Thromb Haemost 2006; 95(02): 373-379
DOI: 10.1160/TH05-08-0574
New Technologies, Diagnostic Tools and Drugs
Schattauer GmbH

Live birth following the first mutation specific pre-implantation genetic diagnosis for haemophilia A

Katerina Michaelides
1   Haemostasis and Thrombosis, MRC Clinical Sciences Centre, Faculty of Medicine, Imperial College, Hammersmith Hospital Campus
,
Edward G. D. Tuddenham
1   Haemostasis and Thrombosis, MRC Clinical Sciences Centre, Faculty of Medicine, Imperial College, Hammersmith Hospital Campus
,
Cathy Turner
2   IVF unit, Hammersmith and Queen Charlottes’ Hospitals, London, UK
,
Ben Lavender
2   IVF unit, Hammersmith and Queen Charlottes’ Hospitals, London, UK
,
Stuart A. Lavery
2   IVF unit, Hammersmith and Queen Charlottes’ Hospitals, London, UK
› Author Affiliations
Financial support: This work was supported by the Medical Research Council.
Further Information

Publication History

Received 22 August 2005

Accepted after revision 02 January 2005

Publication Date:
28 November 2017 (online)

Summary

Haemophilia A is an X-linked, recessive, inherited bleeding disorder which affects 1 in 5000 males born worldwide.
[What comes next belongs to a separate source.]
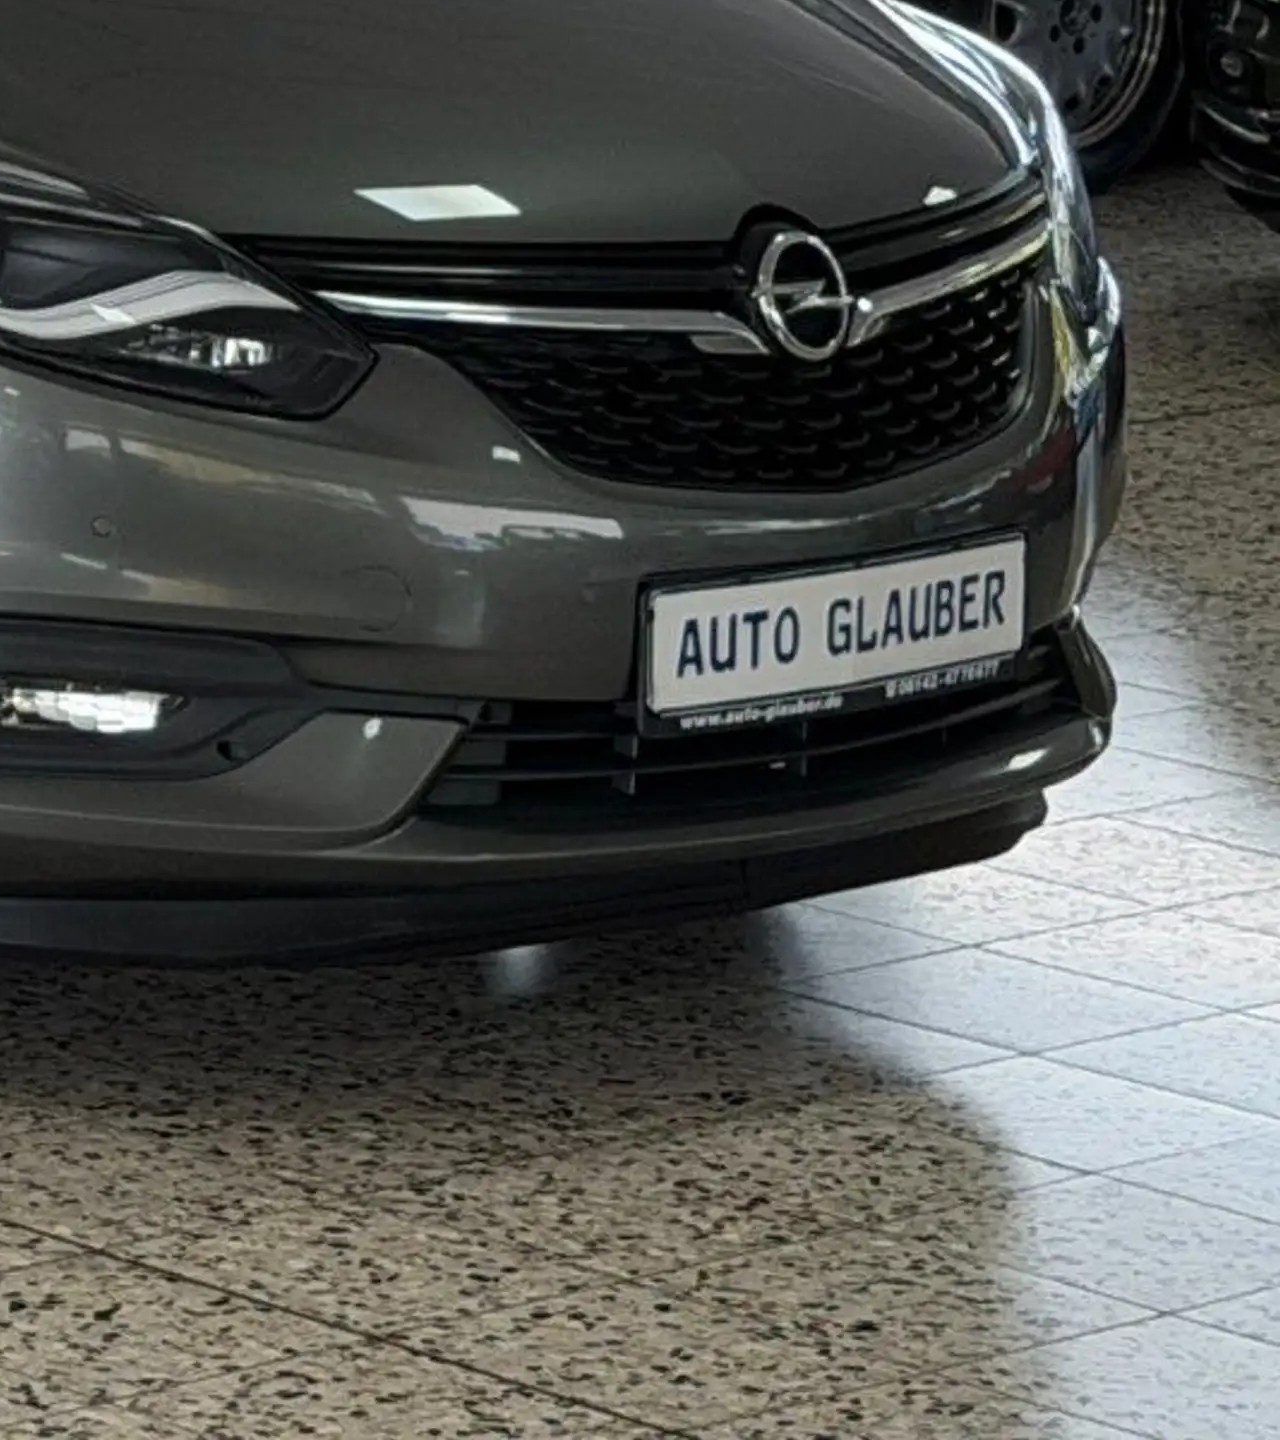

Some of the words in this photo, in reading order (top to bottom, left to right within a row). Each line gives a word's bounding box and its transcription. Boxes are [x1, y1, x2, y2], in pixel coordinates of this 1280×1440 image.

[676, 606, 800, 679] AUTO
[827, 569, 1006, 657] GLAUBER
[679, 692, 843, 729] www.auto-glauber.de
It is caused by mutations in the FactorVIII (F8) gene on chromosome Xq28. We describe for the first time two mutation specific, single cell protocols for pre-implantation genetic diagnosis (PGD) of haemophilia A that enable the selection of both male and female unaffected embryos. This approach offers an alternative to sexing, frequently used for X-linked disorders, that results in the discarding of all male embryos including the 50% that would have been normal. Two families witha history of severe haemophilia A requested carrier diagnosis and subsequently proceeded to PGD. The mutation in family1 isa single nucleotide substitution c. 5953C>T, R1966X in exon 18 and in family 2, c. 5122C>T, R1689C in exon 14 of the F8 gene. Amplification efficiency was compared between distilled water and SDS/proteinase K cell lysis (98.0%, 96/98 and 80%, 112/140 respectively) using 238 single lymphocytes. Blastomeres from spare IVF cleavage-stage embryos donated for research showed amplification efficiencies of 83.3% (45/54) for the R1966X and 92.9% (13/14) for the R1689C mutations. The rate of allele dropout (ADO) on heterozygous lymphocytes was 1.1% (1/93) for R1966X and 5.94% (6/101) for R1689C mutations. A single PGD treatment cycle for family1 resulted in two embryos for transfer but these failed to implant. However, with family 2, two embryos were transferred to the uterus on day 4 resulting in a successful singleton pregnancy and subsequent live birth of a normal non-carrier female.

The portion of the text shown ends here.